Tragédia de Vila Socó, uma triste lembrança
Manuel Alves Fernandes
Da Sucursal de Cubatão
Negligência, imprudência e imperícia. Estas três
palavras, que costumam ser consideradas como condições alarmantes e de alto risco pelas normas mais sérias de segurança, talvez expliquem a tragédia
da Vila Socó, em Cubatão, e, por analogia, também o incêndio da Vila Fátima, em São Vicente.
Houve negligência das autoridades desde as 18 horas do dia 23 de fevereiro de 1984, em
Cubatão, já que elas nada fizeram quando os moradores da Favela de Vila Socó, situada nas margens pantanosas entre os KMs 56 e 59 da Via Anchieta,
se queixaram do forte cheiro de gasolina que emanava do mangue. Afinal, era apenas mais um cheiro que saía dessas águas.
Houve imprudência dessas mesmas autoridades - dentre elas dirigentes da Petrobrás que
seriam posteriormente condenados pela Justiça - que se faziam de surdas às advertências de dirigentes políticos e representantes dos moradores, de
que o oleoduto adquirido da antiga São Paulo Railway estava podre, cheio de buracos, vazando. Exames periciais,
solicitados posteriormente pelo Ministério Público e constatados pelo perito Jorge Moreira, comprovaram o apodrecimento e as falhas da proteção
catódica que a Petrobrás alegava existir nessa canalização.
Palafitas - Houve imperícia, inabilidade das autoridades municipais e estaduais
da época, para resolver os problemas habitacionais decorrentes da extrema penúria social de moradores obrigados a viver, nos tempos modernos, em
casebres típicos da segunda fase da pré-história (na primeira, os homens viviam em cavernas), palafitas erguidas sobre estacas fincadas no mangue.
Na madrugada de 24 de fevereiro, enquanto se comemorava o ante-sábado de Carnaval
cantando a marchinha Meu Coração Amanheceu Pegando Fogo (gravada por Gal Costa) em um dos clubes da orla, 93 moradores da Vila Socó morriam
no incêndio provocado por algum fósforo, vela ou cigarro inadvertidamente lançados (nunca se soube ao certo a origem do estopim da tragédia) sobre o
mangue que, naquele momento, era na realidade um imenso caldeirão com uma camada de gasolina que tomou conta de toda a área das palafitas.
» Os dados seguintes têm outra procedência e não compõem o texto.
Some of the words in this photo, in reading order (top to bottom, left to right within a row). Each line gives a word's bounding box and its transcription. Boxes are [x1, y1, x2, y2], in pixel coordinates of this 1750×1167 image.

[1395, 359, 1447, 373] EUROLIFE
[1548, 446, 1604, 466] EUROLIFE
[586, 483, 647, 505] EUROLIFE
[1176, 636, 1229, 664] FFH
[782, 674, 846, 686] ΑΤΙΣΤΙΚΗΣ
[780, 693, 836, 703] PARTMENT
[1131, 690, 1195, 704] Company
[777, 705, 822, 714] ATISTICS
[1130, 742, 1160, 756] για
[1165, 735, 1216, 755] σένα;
Sobreviventes da tragédia contam que, nas partes mais rasas, foi possível sair
correndo para os pontos onde havia terra, queimando apenas os pés e tornozelos. O ator de teatro amador Lourimar Vieira morava em um barraco a menos
de 30 metros do ponto onde o duto tinha um furo por onde vazou gasolina e alimentou a grande chama (até que queimasse todo o combustível), contra a
qual lutaram os bombeiros, durante toda a madrugada.
Mortos - Lourimar saiu correndo e só parou na Igreja Matriz, três quilômetros
adiante, para rezar porque tinham conseguido salvar sua mãe.
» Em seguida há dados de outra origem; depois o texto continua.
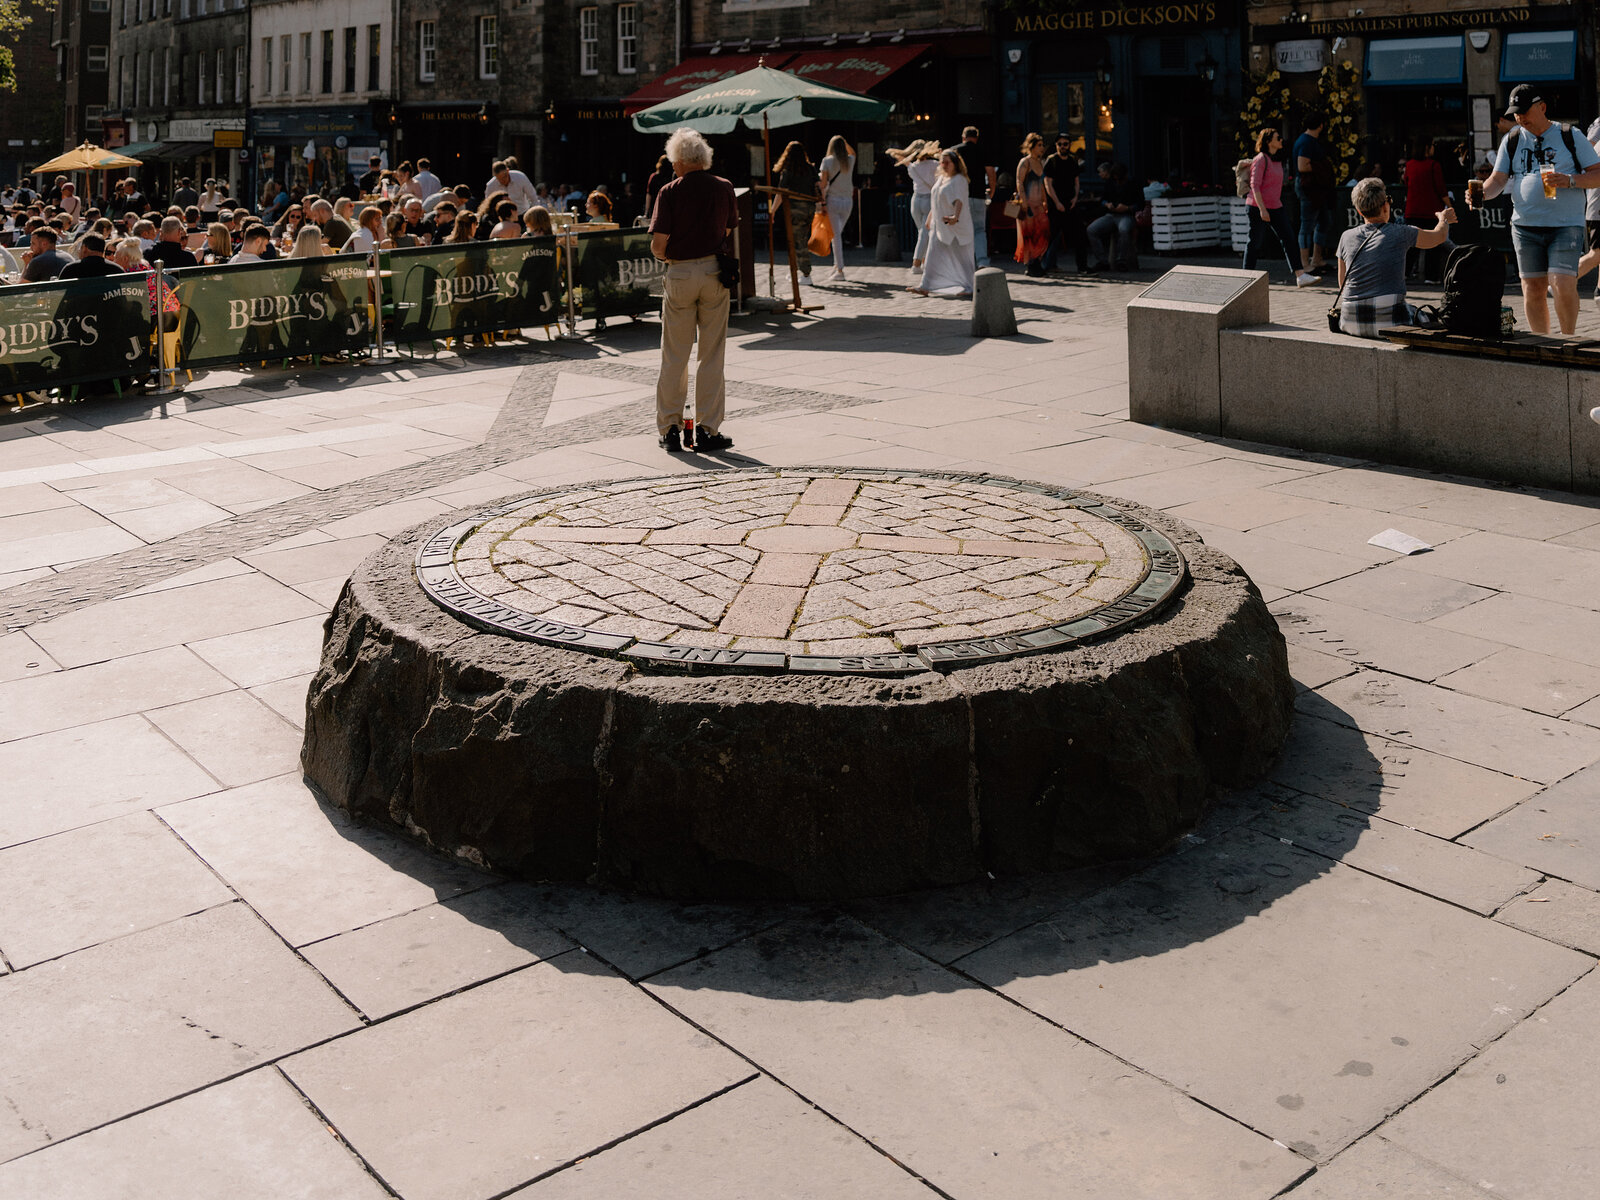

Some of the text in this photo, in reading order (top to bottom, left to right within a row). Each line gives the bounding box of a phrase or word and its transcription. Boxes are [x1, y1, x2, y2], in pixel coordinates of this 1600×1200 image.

[1014, 2, 1217, 32] MAGGIE DICKSON'S
[1309, 8, 1531, 36] THE SMALLEST PUB IN SCOTLAND
[836, 57, 893, 75] Bistro
[437, 111, 456, 121] LAST
[577, 108, 595, 121] THE
[597, 108, 620, 121] LAST
[521, 248, 554, 261] JAMESON
[328, 266, 365, 279] JAMESON
[102, 287, 145, 302] JAMESON
[434, 270, 520, 308] BIDDY'S
[227, 291, 326, 331] BIDDY'S
[539, 290, 554, 313] J
[346, 312, 362, 336] J
[125, 335, 144, 361] J
[427, 576, 588, 643] COVENANTERS
[1087, 592, 1158, 627] MANY
[661, 645, 748, 665] AND
Pela manhã, os jornalistas se depararam com um saldo dantesco: cerca de 300 barracos
queimados. Tocos enegrecidos que haviam sido gente; crianças mortas por asfixia dentro de geladeiras, onde foram colocadas pelos pais na esperança
de escapar do incêndio. Casais mortos, abraçados. Uma das vítimas ficou na memória dos jornalistas como uma espécie de símbolo da tragédia, até ser
coberta pelo lençol de um bombeiro piedoso: grávida, exibia na pele retesada o contorno, quase desenho em alto relevo, do feto, morto no seu ventre.
Colados ao seu corpo, por ela abraçados, como uma única massa, dois filhos com cerca
de cinco anos. Essa imagem fez o então governador Franco Montoro sentir-se mal, quase desmaiar e ser atendido pelos médicos.
A extensão da tragédia, como sempre ocorre, chamou a atenção, finalmente, das
autoridades. A Petrobrás trocou todo o sistema de oleoduto, proibiu a construção de barracos sobre a faixa de segurança de passagem da canalização;
construiu nove casas para os sobreviventes e indenizou as vítimas. A Prefeitura aterrou o mangue.
Cruzeiro - Hoje não há mais barracos na Vila, que até mudou de nome. É
conhecida oficialmente como Vila São José.
A tragédia também contribuiu para que Montoro exigisse da Cetesb e das indústrias a
aplicação de um rigoroso plano de controle ambiental e de segurança industrial em Cubatão.
Hoje, 14 anos depois, a realidade da vila é bem mais agradável e segura. Quem passa
pela Via Anchieta não imagina a proporção da tragédia. Porém, no jardim próximo ao posto da Polícia Rodoviária,
uma cruz de madeira se destaca, cercada por um muro onde há uma placa de bronze, com a seguinte inscrição:
Cruzeiro da Vila São José - da vontade política da administração municipal e da
determinação desta comunidade, a Vila Socó, de palafitas e insegurança, transformou-se na Vila São José. Nossas homenagens àqueles que, em 24 de
fevereiro de 1984, com suas vidas, fizeram renascer a fé e a esperança de uma vida melhor.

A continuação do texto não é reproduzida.